▸ **EXERCISE GOAL**: Would you transcribe the records below exactly, omitting every picture?

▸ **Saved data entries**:
☆ ☆ ☆ ☆ ☆ ☆ ☆

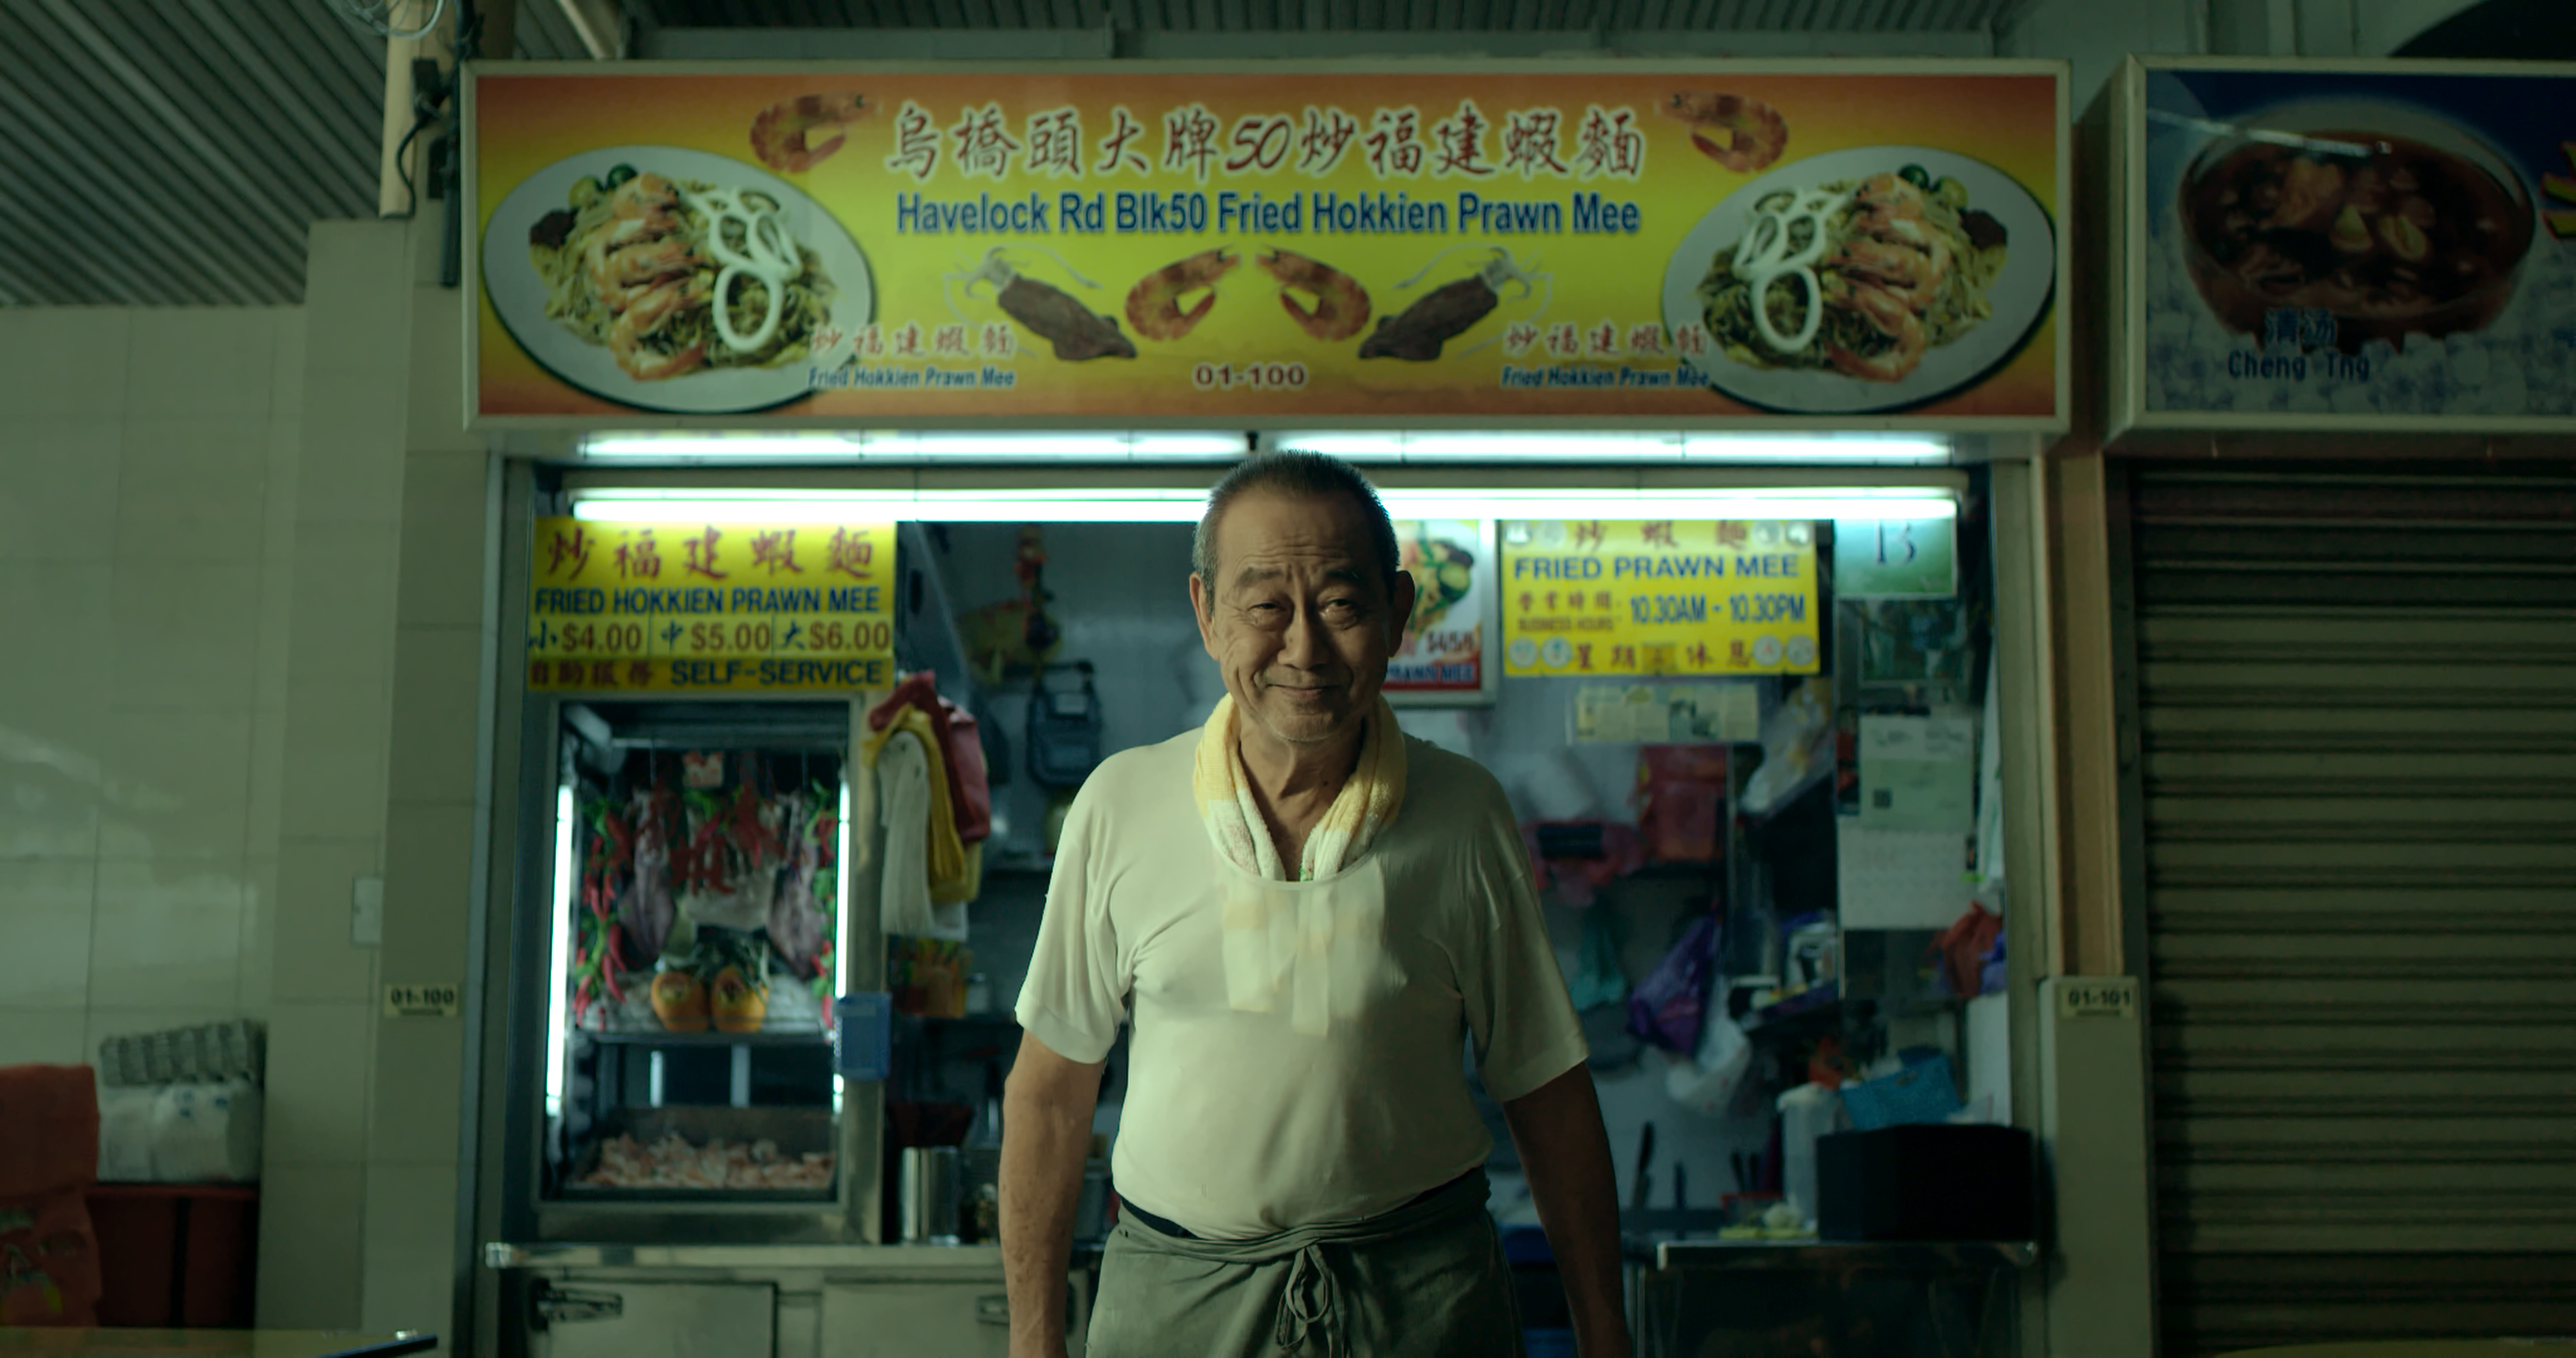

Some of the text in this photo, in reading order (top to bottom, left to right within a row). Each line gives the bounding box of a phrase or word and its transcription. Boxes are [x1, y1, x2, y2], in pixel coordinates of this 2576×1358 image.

[896, 192, 1641, 233] Havelock Rd Blk50 Fried Hokkien Prawn Mee
[808, 365, 1016, 387] Fried Hokkien Prawn Mee
[1196, 364, 1305, 385] 01-100
[1501, 365, 1709, 387] Fried Hokkien Prawn Mee
[2229, 349, 2370, 381] Cheng Tng
[1514, 553, 1800, 580] FRIED PRAWN MEE
[535, 585, 880, 615] FRIED HOKKIEN PRAWN MEE
[1630, 593, 1707, 624] 10.30AM
[1729, 593, 1806, 624] 10.30PM
[562, 621, 642, 651] $4.00
[660, 619, 684, 652] 中
[691, 621, 770, 651] $5.00
[782, 619, 806, 649] 大
[809, 620, 891, 651] $6.00
[670, 659, 882, 686] SELF-SERVICE
[390, 988, 455, 1006] 01-100
[2068, 988, 2131, 1006] 01-101

☆ ☆ ☆ ☆ ☆ ☆ ☆

▸ **RESPONSE AREA**:
Some of the text in this photo, in reading order (top to bottom, left to right within a row). Each line gives the bounding box of a phrase or word and its transcription. Boxes are [x1, y1, x2, y2], in pixel coordinates of this 2576×1358 image.

[896, 192, 1641, 233] Havelock Rd Blk50 Fried Hokkien Prawn Mee
[808, 365, 1016, 387] Fried Hokkien Prawn Mee
[1196, 364, 1305, 385] 01-100
[1501, 365, 1709, 387] Fried Hokkien Prawn Mee
[2229, 349, 2370, 381] Cheng Tng
[1514, 553, 1800, 580] FRIED PRAWN MEE
[535, 585, 880, 615] FRIED HOKKIEN PRAWN MEE
[1630, 593, 1707, 624] 10.30AM
[1729, 593, 1806, 624] 10.30PM
[562, 621, 642, 651] $4.00
[660, 619, 684, 652] 中
[691, 621, 770, 651] $5.00
[782, 619, 806, 649] 大
[809, 620, 891, 651] $6.00
[670, 659, 882, 686] SELF-SERVICE
[390, 988, 455, 1006] 01-100
[2068, 988, 2131, 1006] 01-101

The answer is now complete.